Arcata asks for ban on depleted uranium
Friday, January 17, 2003
By James Faulk
ARCATA -- Depleted uranium is a weapon of mass destruction regularly used for the last 10 years by the U.S. government.
Such was one of the claims put forth by the City Council this week as it unanimously adopted a resolution demanding a ban on the controversial material, which many say is radioactive.
The main military use for depleted uranium is to penetrate armor. It is 1.7 times denser than lead, and when munitions made with depleted uranium strike a tank, the round penetrates the armor and metal fragments can scatter inside causing damage, fires and injury.

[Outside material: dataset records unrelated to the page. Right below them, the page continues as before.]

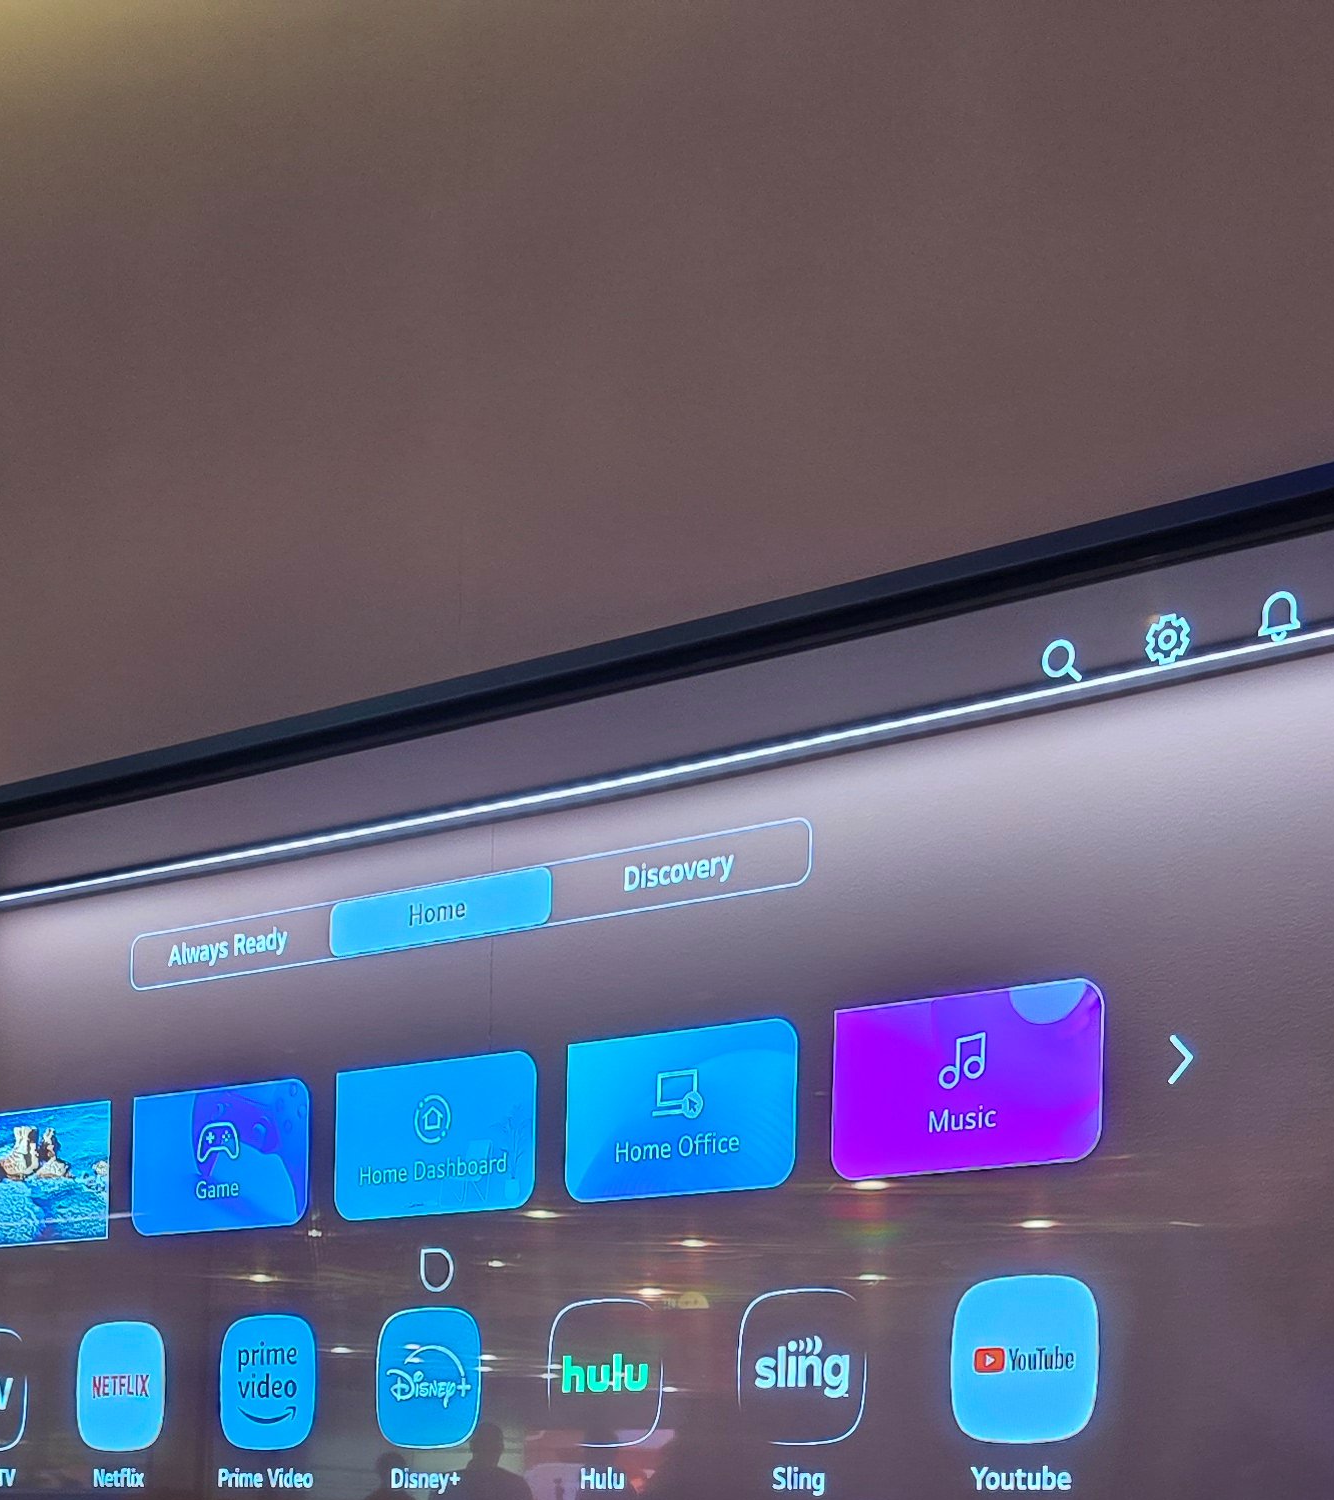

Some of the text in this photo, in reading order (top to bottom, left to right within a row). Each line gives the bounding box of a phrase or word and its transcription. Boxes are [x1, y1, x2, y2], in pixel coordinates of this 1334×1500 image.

[622, 851, 735, 893] Discovery
[408, 899, 466, 928] Home
[167, 928, 288, 968] Always Ready
[927, 1106, 998, 1134] Music
[614, 1132, 741, 1163] Home Office
[358, 1151, 508, 1186] Home Dashboard
[195, 1180, 240, 1200] Game
[237, 1341, 298, 1371] prime
[754, 1335, 850, 1399] sling
[1008, 1346, 1075, 1372] YouTube
[91, 1373, 150, 1399] NETFLIX
[238, 1372, 298, 1400] video
[561, 1353, 649, 1394] hulu
[93, 1467, 145, 1488] Netflix
[217, 1467, 314, 1489] Prime Video
[390, 1468, 461, 1494] Disney+
[580, 1467, 625, 1491] Hulu
[772, 1466, 825, 1496] Sling
[971, 1465, 1072, 1493] Youtube

The substance can also be used for armor and has a half life of around 4.5 billion years.
"Ingestion of inhalation of DU causes short- and long-term adverse health affects closely related to complaints of Gulf War veterans whose ailments are called Gulf War Syndrome," says the resolution, passed Wednesday.
Depleted uranium was used in the Gulf War, Kosovo, Bosnia and Afghanistan, and will likely be used again in any U.S. attack on Iraq.

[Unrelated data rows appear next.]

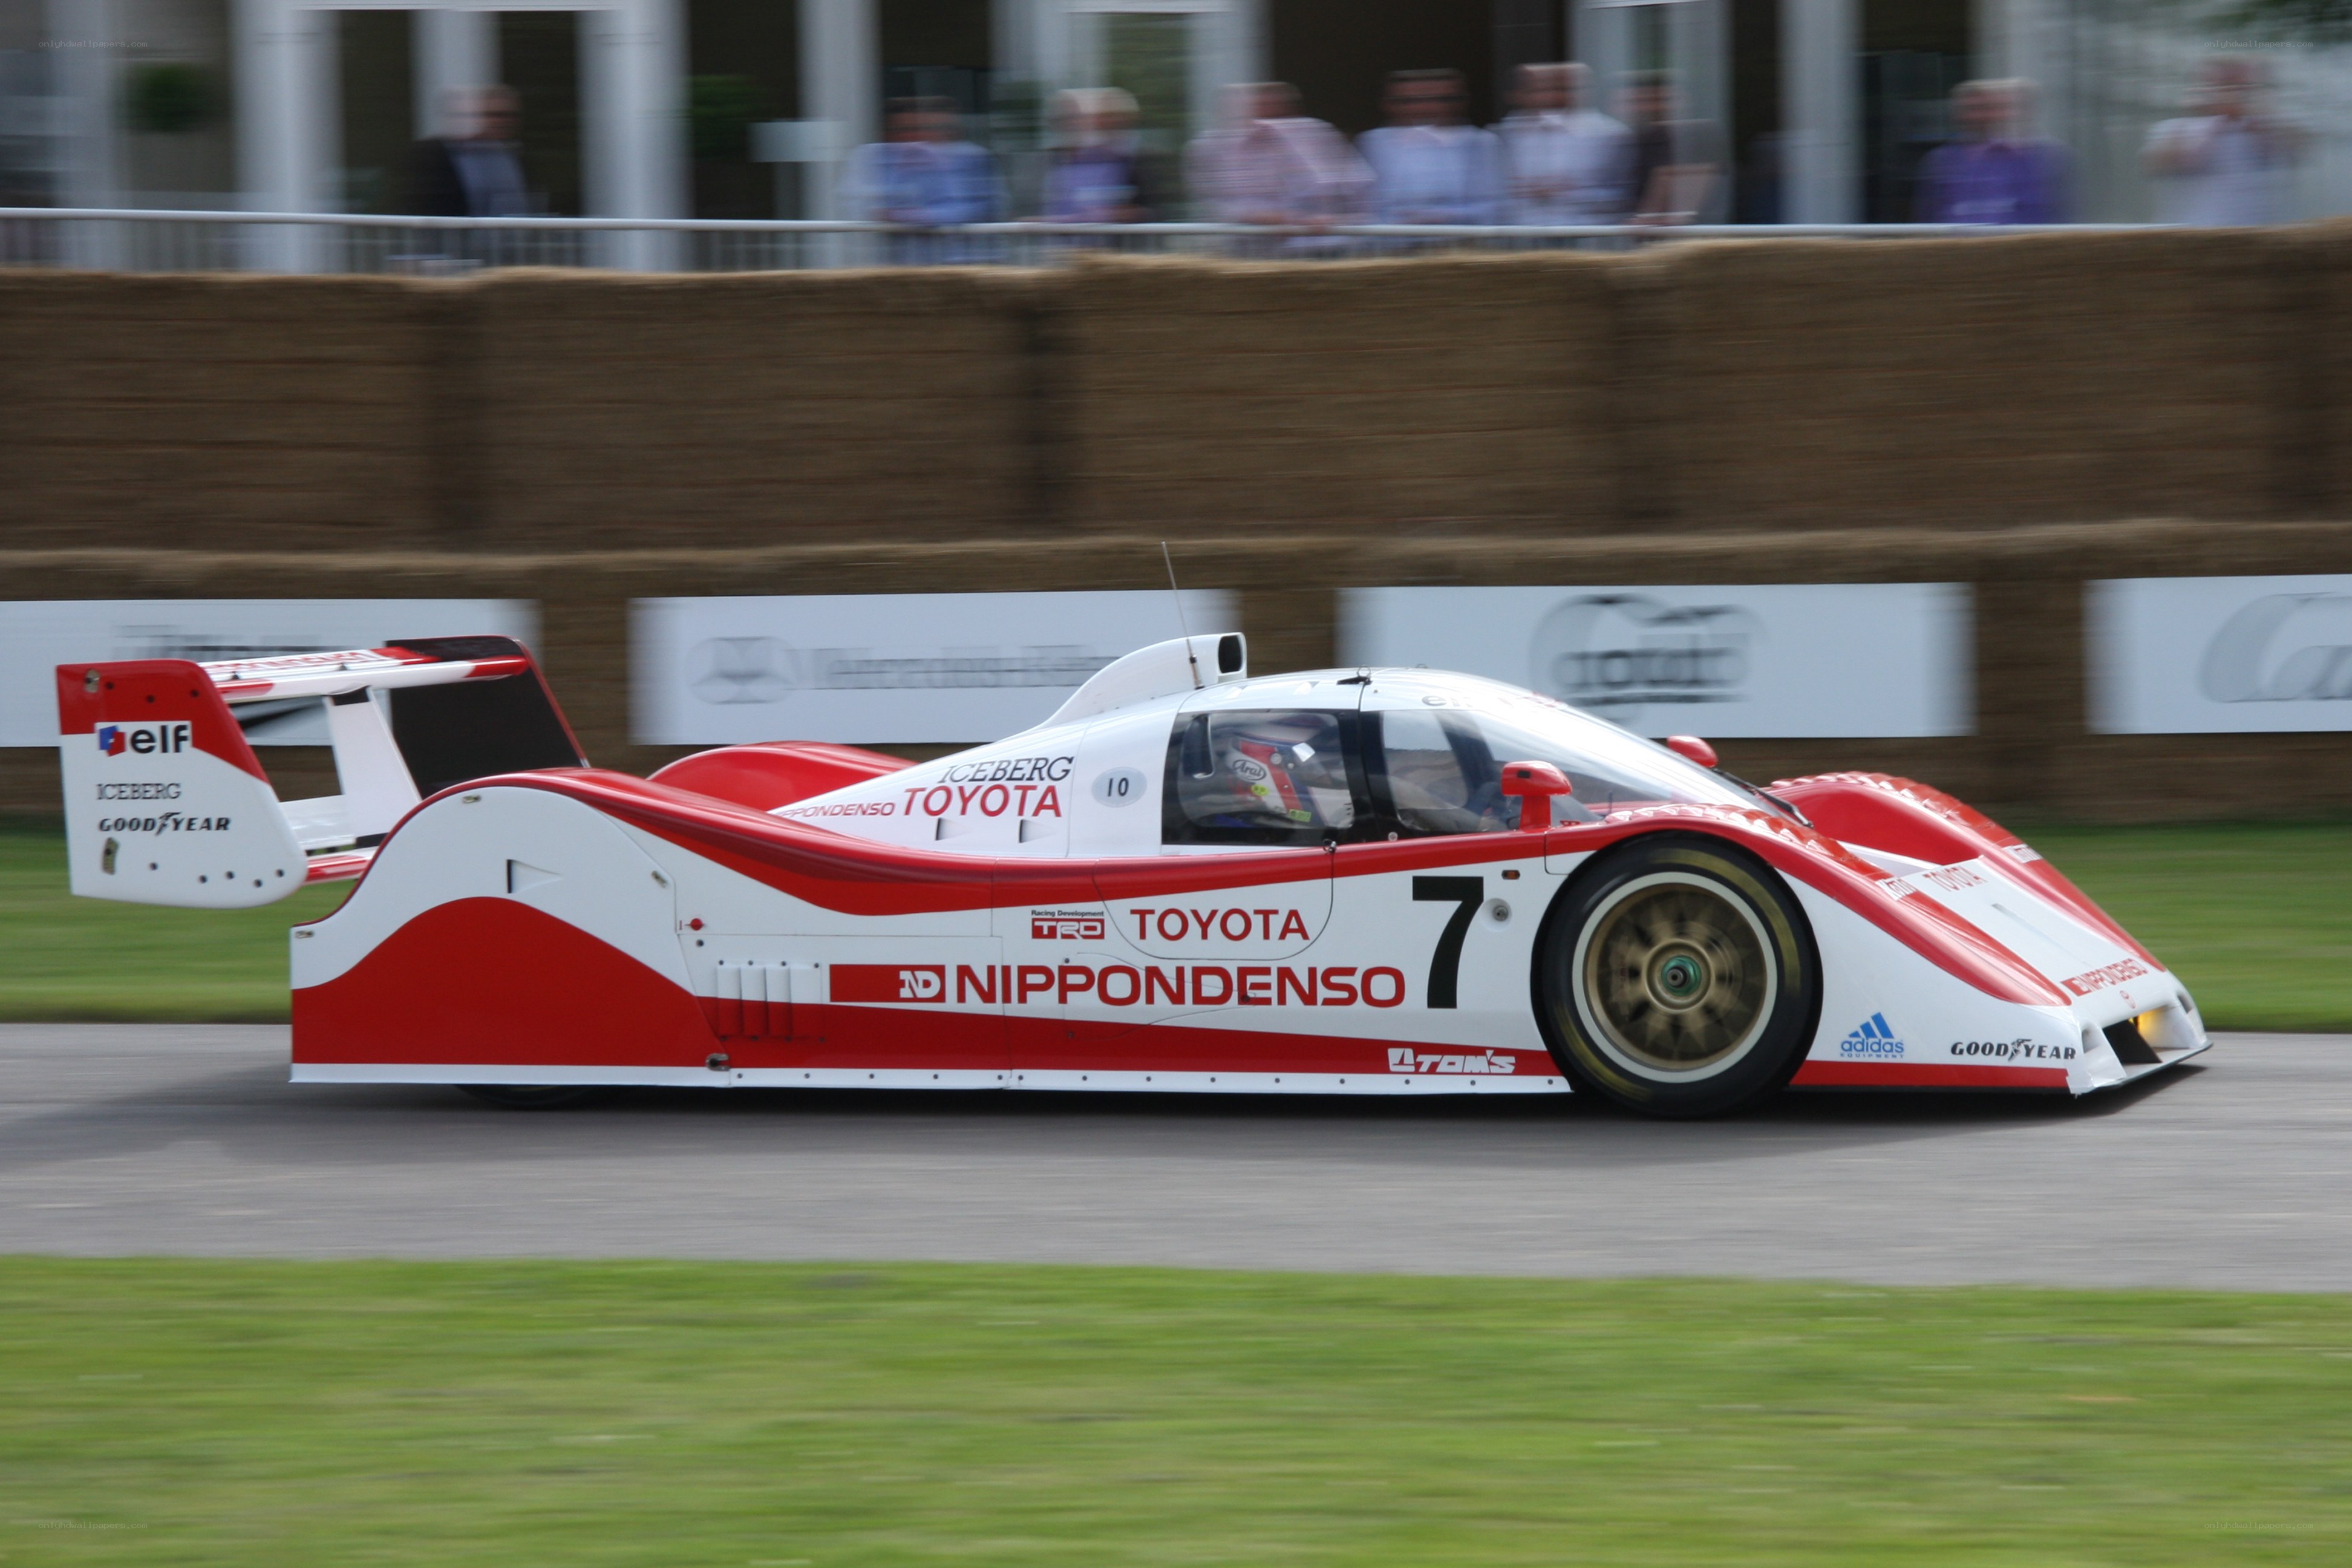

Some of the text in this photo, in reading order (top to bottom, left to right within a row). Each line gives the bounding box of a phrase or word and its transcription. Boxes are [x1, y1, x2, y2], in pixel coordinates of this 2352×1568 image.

[130, 725, 189, 754] elf
[937, 756, 1074, 784] ICEBERG
[96, 783, 181, 800] ICEBERG
[778, 785, 1061, 817] PPONDENSO TOYOTA
[1108, 777, 1129, 797] 10
[1034, 920, 1102, 939] TRD
[1130, 908, 1310, 941] TOYOTA
[1413, 876, 1484, 1008] 7
[956, 964, 1405, 1008] NIPPONDENSO
[1841, 1038, 1904, 1053] adidas

Posters bearing the images of children reported to be deformed by radiation from depleted uranium were displayed by members of the public.
"It has been reported that residents in Iraq near those 1991 battlefields have shown a 17-fold increase in the rate of deaths from cancer and a five-fold increase in the rate of severe birth defects among Iraqi civilians," it says.
The city asks that its federal and state representatives demand that the president and the Department of Defense ban the use of depleted uranium; destroy all stocks currently on hand; ban the sale of such weapons; provide medical testing for veterans and others suffering from contamination and clean up contamination at battlefields in Kosovo, Afghanistan, Bosnia and Iraq.